When I read this article by Yong Zhao and colleagues, I had to pause for breath. They recently published The Death and Rebirth of Research in Education in the Age of AI (2025). And honestly? I am still unsure whether I should be impressed or worried.
First, the numbers were quite nauseating for someone who thought he was keeping up with educational research. According to their calculations, around 140,000 academic articles on education are published annually. That figure alone is dizzying.
And yet the question remains: how many of these actually make a real difference in classrooms or in policy? Zhao and colleagues point out sharply that the impact is often minimal. Not because researchers are not doing their best, but because the whole system is clogged with noise: peer review that falters, an excessive fixation on numbers, the old “paradigm wars” between quantitative and qualitative, and the tendency to generalise results across contexts and learners who are, in reality, very different. At the same time, I do see a lot of good work being done, but it often takes considerable effort to separate the wheat from the chaff.
Where the article is strong is in its analysis, which suggests that AI does not solve these problems but actually makes them more pressing. The authors sketch how generative AI undermines research stability: a study on GPT-3 is already outdated by the time GPT-4 or GPT-5 appears. What is more, AI speeds up and broadens literature reviews, but at the same time risks eroding critical depth – something I wrote about earlier in this blogpost.
There are also new opportunities – more participatory research, more attention to complexity, perhaps even an “epistemological rebirth”. However, risks also creep in: AI spitting out patterns without meaning, researchers hiding behind efficiency, and a system producing even more publications without any guarantee of higher quality. Before you know it, we will have AI reviewing AI.
My reflections? First, the call for pluralism and imagination is justified, but hardly a new one. The real question is how to put this into practice in an academic ecosystem that still rewards publication volume. Second, the idea that AI causes a paradigm shift sounds appealing, but perhaps we should recognise that many of the old problems – bias, lack of impact, oversimplification – will not disappear through technology. They get a new jacket. One of the major issues with AI is that it is trained on human-made data and texts. Bias is not eliminated; it becomes amplified.
In brief, this article serves as an invitation to reinvent educational research. But anyone who thinks AI will be the saviour of science is mistaken. The rebirth Zhao and colleagues predict will require more than clever algorithms. It demands courageous choices, critical reflection, and above all, the will to publish less, but more meaningfully. And that plea, I fear, was already on the table long before ChatGPT, Gemini and other agreeable nodding machines came along.

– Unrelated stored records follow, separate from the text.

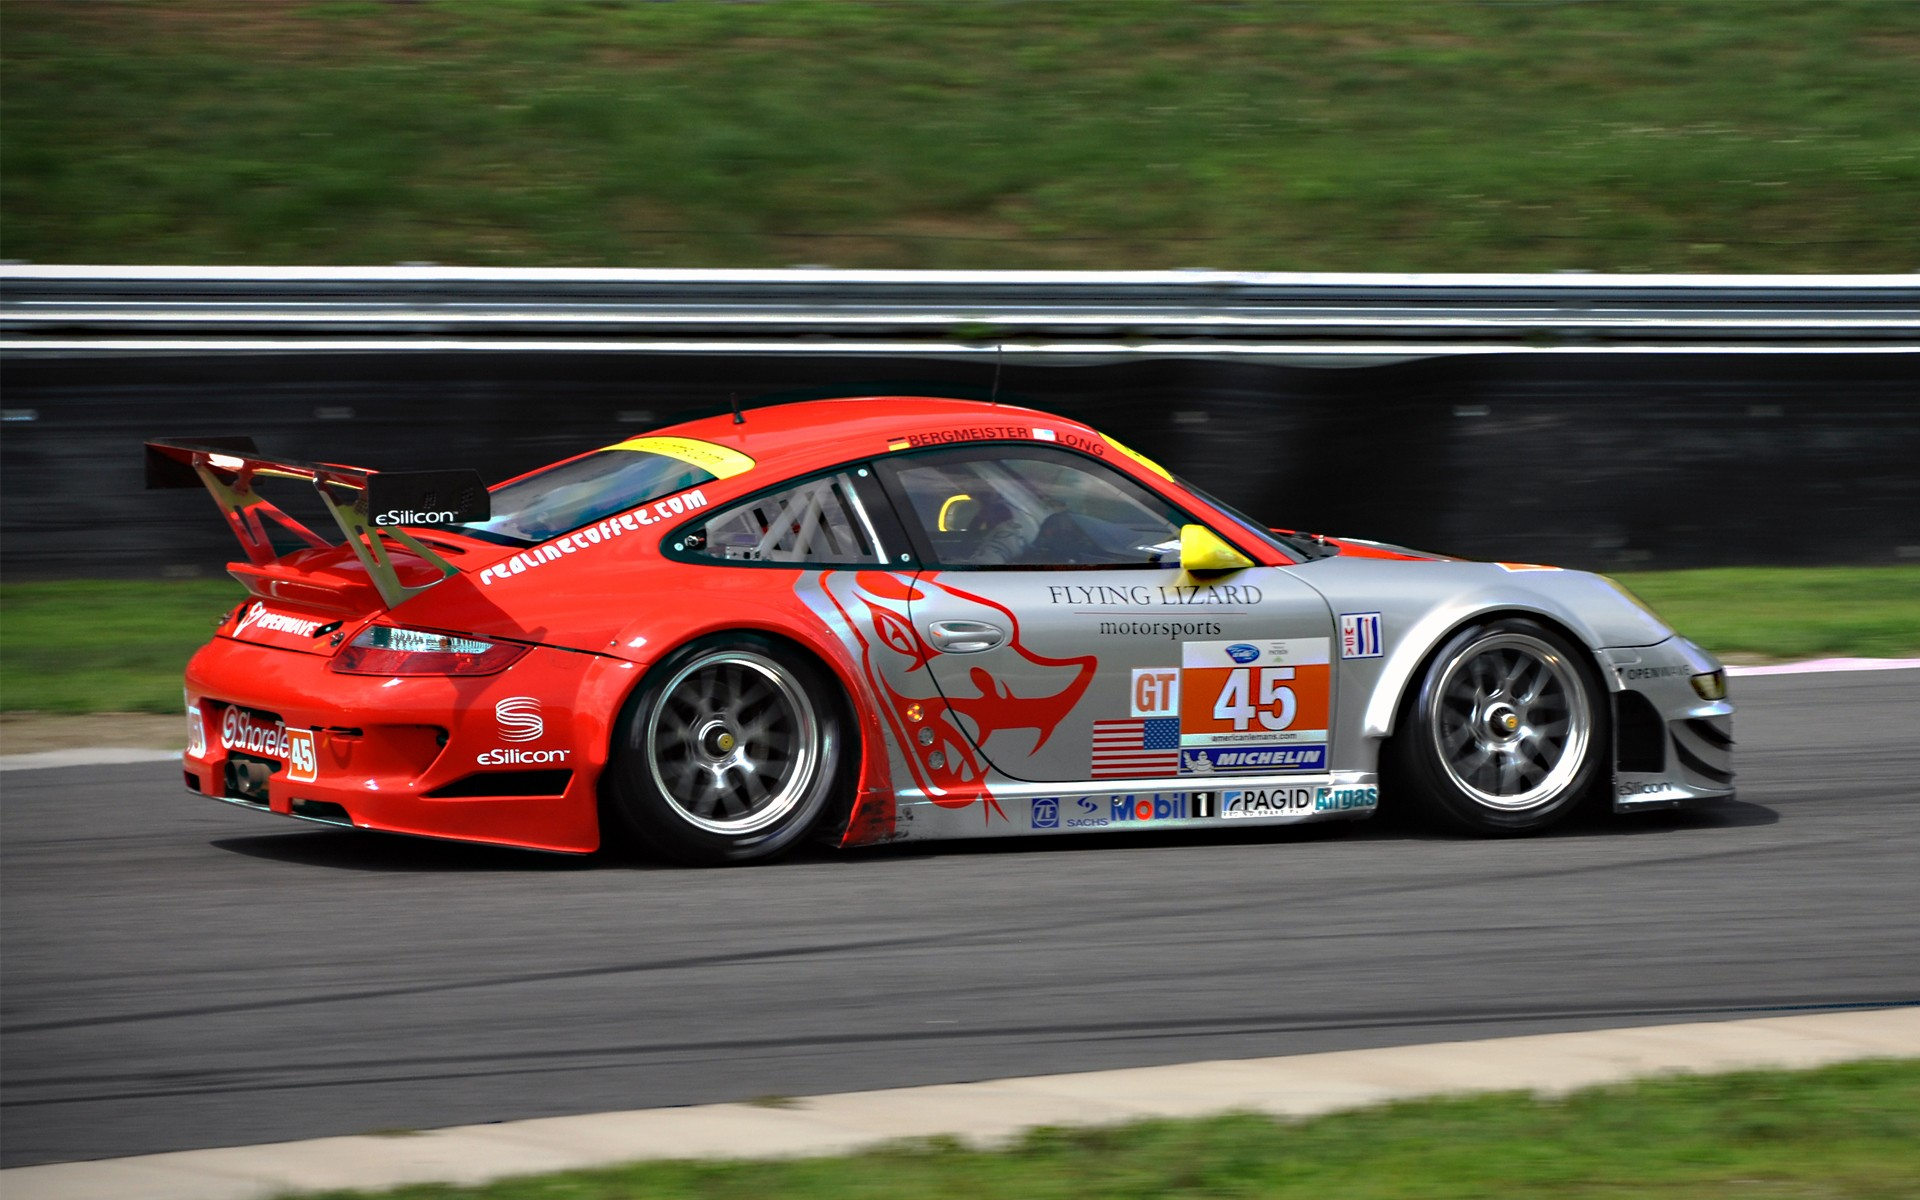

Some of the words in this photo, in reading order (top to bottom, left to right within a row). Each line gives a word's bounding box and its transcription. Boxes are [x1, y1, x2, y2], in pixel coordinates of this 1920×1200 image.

[909, 426, 1029, 447] BERGMEISTER
[1054, 431, 1105, 456] LONG
[375, 509, 455, 526] eSilicon
[1047, 585, 1151, 606] FLYING
[1157, 585, 1263, 605] LIZARD
[256, 612, 316, 637] OPENWAVE
[1099, 621, 1221, 640] motorsports
[1344, 617, 1355, 656] IMSA
[1136, 673, 1176, 712] GT
[1212, 666, 1298, 732] 45
[1211, 733, 1297, 743] americanlemans.com
[291, 737, 314, 773] 45
[476, 748, 567, 766] eSilicon
[1216, 750, 1322, 767] MICHELIN
[1110, 793, 1186, 822] Mobil
[1197, 792, 1209, 817] 1
[1243, 789, 1310, 812] PAGID
[1314, 786, 1378, 812] Airgas
[1066, 817, 1109, 828] SACHS

P.S.: The image with this post was created using AI. Yes, I’m well aware of the irony.
Abstract of the article:
Purpose
This article critically examines the enduring problems and emerging possibilities of educational research in light of rapid advances in artificial intelligence (AI). It seeks to understand why educational research has struggled to influence practice and policy meaningfully and explores how AI necessitates a fundamental rethinking of research purposes, methods, and epistemologies.
Design/Approach/Methods
The article adopts a conceptual and critical review approach, drawing on historical, philosophical, and methodological literature. It identifies and analyzes seven major problems in traditional educational research, including flaws in peer review, quantification bias, methodological fragmentation, overgeneralization, neglect of individual learner diversity, limited educational imagination, and narrow outcome measures. It then explores how AI technologies challenge and reshape core assumptions about knowledge production and educational inquiry.
Findings
Traditional educational research is constrained by outdated paradigms that emphasize generalizability, stability, and typicality at the expense of contextual sensitivity, individual variability, and imaginative possibilities. The rapid evolution of AI further undermines assumptions of stable treatments, linear causality, and human-centered cognition. AI opens new opportunities for participatory, iterative, and systems-oriented research, while also raising ethical and epistemological concerns that demand critical reflection.
Originality/Value
This article offers a timely and provocative analysis of the limitations of traditional educational research and articulates a vision for its rebirth in the age of AI. It contributes to the growing discourse on paradigm shifts in education by integrating critiques of research orthodoxy with emerging insights into AI-enabled learning. The article calls for methodological pluralism, ethical vigilance, and epistemological innovation, positioning researchers to better respond to the complex and evolving landscape of education in a post-AI world.